Types and Severity of Threats
Niger, Mali, Sudan, and Chad have suffered severe degradation of their natural resources in recent decades. Prolonged droughts and overgrazing by livestock are primarily responsible. The most severe degradation has occurred in the higher rainfall areas, or around boreholes, due to overwhelming local pressure on resources. Threats to the larger animals are quite intense. The populations of many ungulate species and ostriches have been greatly reduced by subsistence and recreational hunting, particularly by military personnel and rebel forces, as well as through intense competition with humans and their livestock. Predators, including the striped hyena, have been persecuted throughout the ecoregion by the widespread use of poisons such as strychnine because they kill livestock (MH/E, WWF and IUCN 1996). The under-representation of the desert and semi-desert habitats of this ecoregion in the protected areas systems of the Sahelian countries poses a threat to their long-term stability and conservation.

Justification of Ecoregion Delineation
This ecoregion is delineated from White's (1983) ‘regs, hamadas and wadis’ and ‘desert dunes with perennial vegetation’ units south of the Sahara Desert. Although these vegetation types surround the Sahara Desert, the southern habitats were delineated as a distinct ecoregion from the northern unit due to different rainfall regimes and the presence of Afrotropical species.

References
East, R. (comp.) 1999. African Antelope Database 1998. IUCN/SSC Antelope Specialist Group. IUCN, Gland, Switzerland and Cambridge, UK. x + 434 pp.

MH/E, WWF and IUCN. 1996. La Réserve Naturelle Nationale de l'Aïr et du Ténéré. Ministère de l'Hydraulique et de l'Environnement, World Wide Fund for Nature and World Conservation Union, Gland, Switzerland, 712 pp.

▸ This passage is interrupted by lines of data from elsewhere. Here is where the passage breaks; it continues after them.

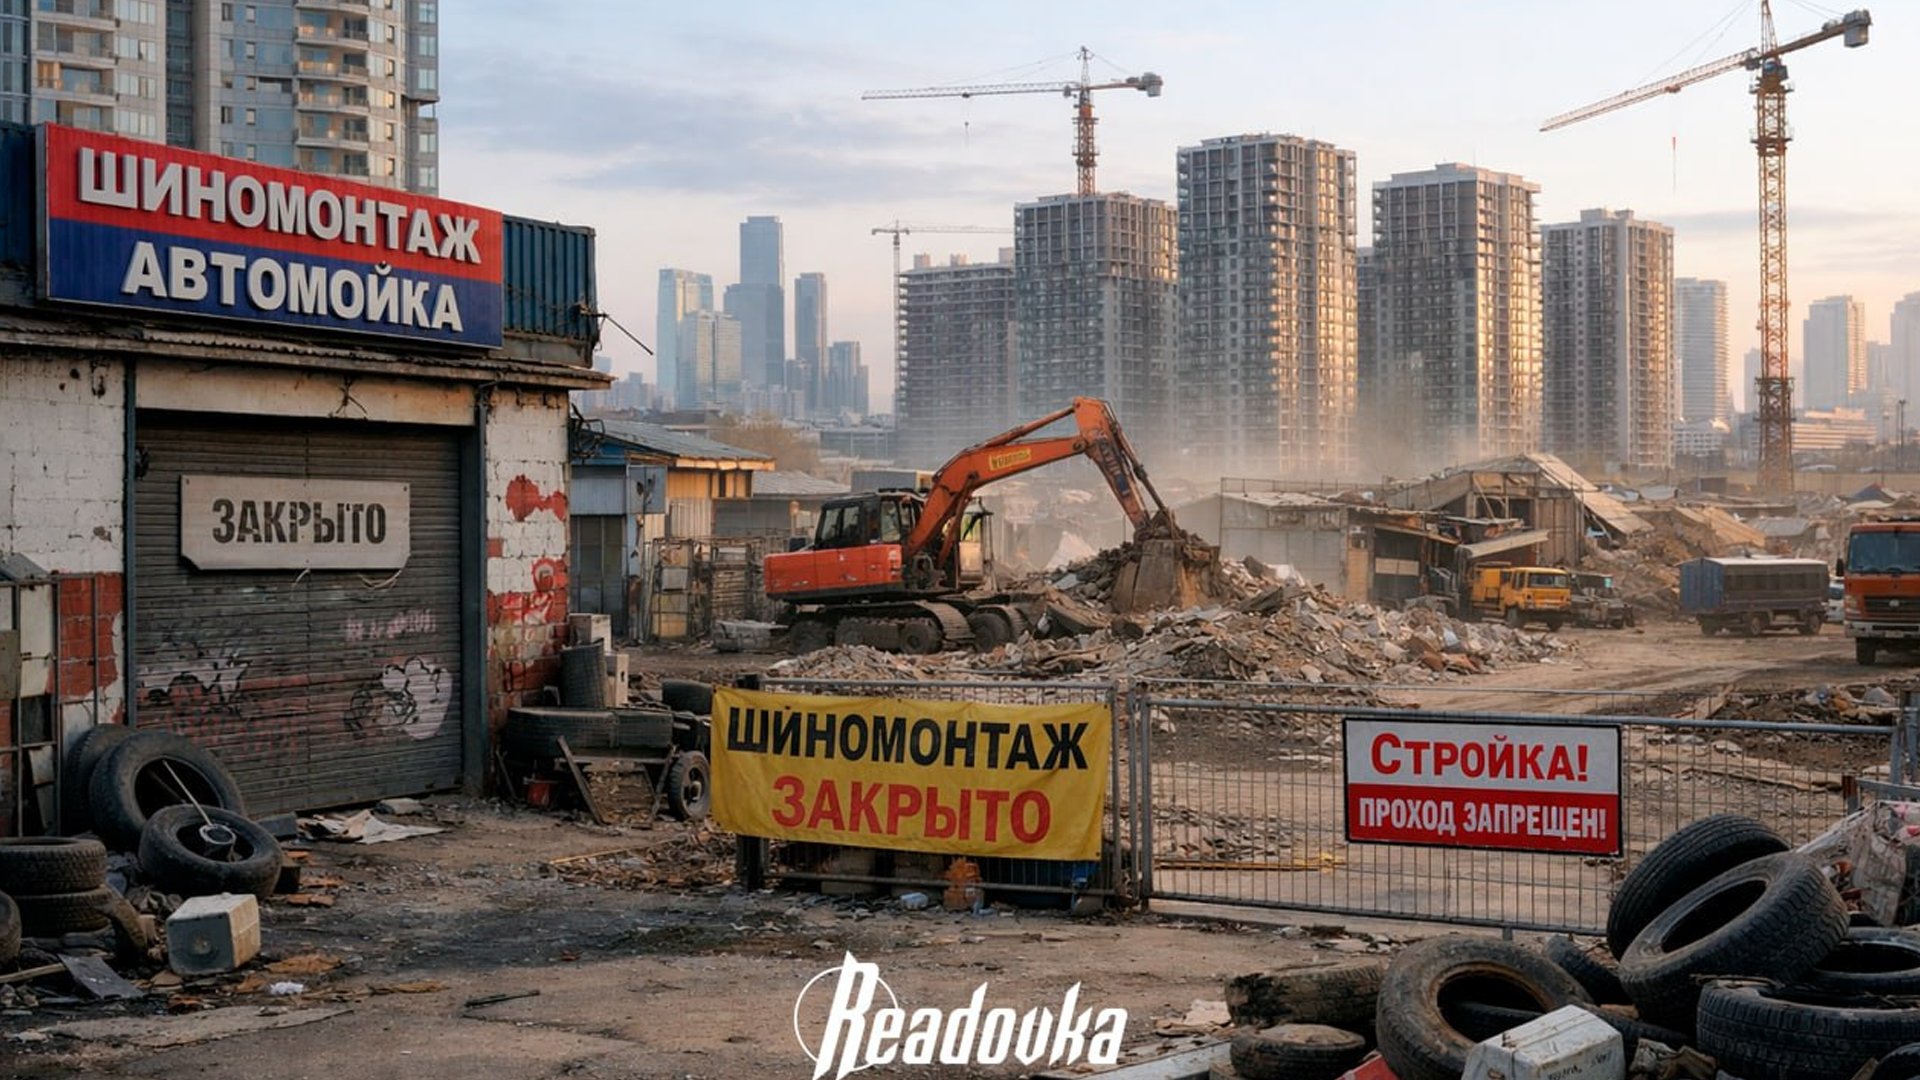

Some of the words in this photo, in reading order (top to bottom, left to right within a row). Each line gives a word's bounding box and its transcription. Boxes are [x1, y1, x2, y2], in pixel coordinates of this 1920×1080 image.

[79, 147, 481, 264] ШИНОМОНТАЖ
[122, 241, 464, 332] АВТОМОЙКА
[212, 498, 386, 544] ЗАКРЫТО
[772, 776, 1052, 844] ЗАКРЫТО
[1359, 797, 1457, 836] ПРОХОД
[1463, 801, 1607, 841] ЗАПРЕЩЕН!

Newby, J.E. 1988. Aridland wildlife in decline: the case of the scimitar-horned oryx. Pp. 146 - 166 in: Dixon, A. and Jones, D. (eds). Conservation and Biology of Desert Antelopes. Christopher Helm, London, U.K.

White, F. 1983. The vegetation of Africa, a descriptive memoir to accompany the UNESCO/AETFAT/UNSO Vegetation Map of Africa (3 Plates, Northwestern Africa, Northeastern Africa, and Southern Africa, 1:5,000,000). UNESCO, Paris.

WWF and IUCN. 1994. Centres of plant diversity. A guide and strategy for their conservation. Volume 1. Europe, Africa, South West Asia and the Middle East. IUCN Publications Unit, Cambridge, U.K.